PROVIDED DATA |
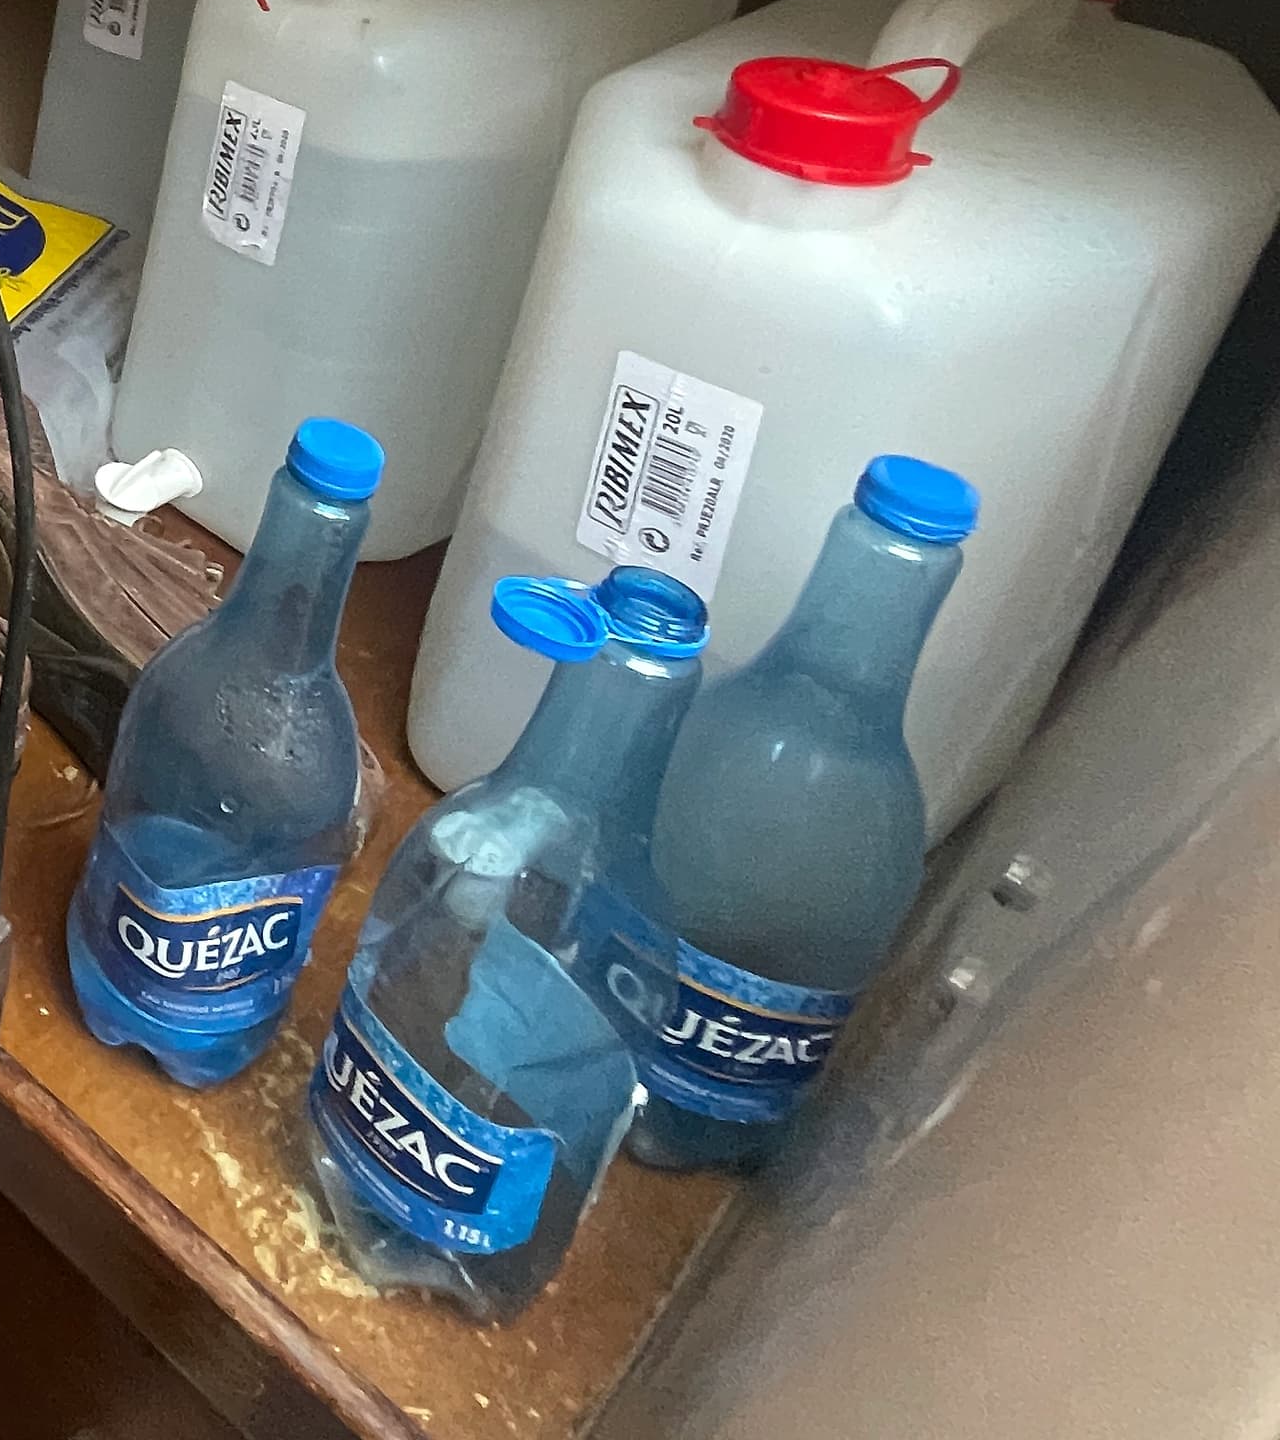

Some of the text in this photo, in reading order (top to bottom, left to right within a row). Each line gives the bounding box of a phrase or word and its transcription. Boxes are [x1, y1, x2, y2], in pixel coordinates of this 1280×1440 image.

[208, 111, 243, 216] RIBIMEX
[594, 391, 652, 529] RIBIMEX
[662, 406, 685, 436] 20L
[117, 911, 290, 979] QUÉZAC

WORK TASK | The images are to be left out; every line above should be set down exactly.

SOLUTION TO THIS EXERCISE |
Some of the text in this photo, in reading order (top to bottom, left to right within a row). Each line gives the bounding box of a phrase or word and its transcription. Boxes are [x1, y1, x2, y2], in pixel coordinates of this 1280×1440 image.

[208, 111, 243, 216] RIBIMEX
[594, 391, 652, 529] RIBIMEX
[662, 406, 685, 436] 20L
[117, 911, 290, 979] QUÉZAC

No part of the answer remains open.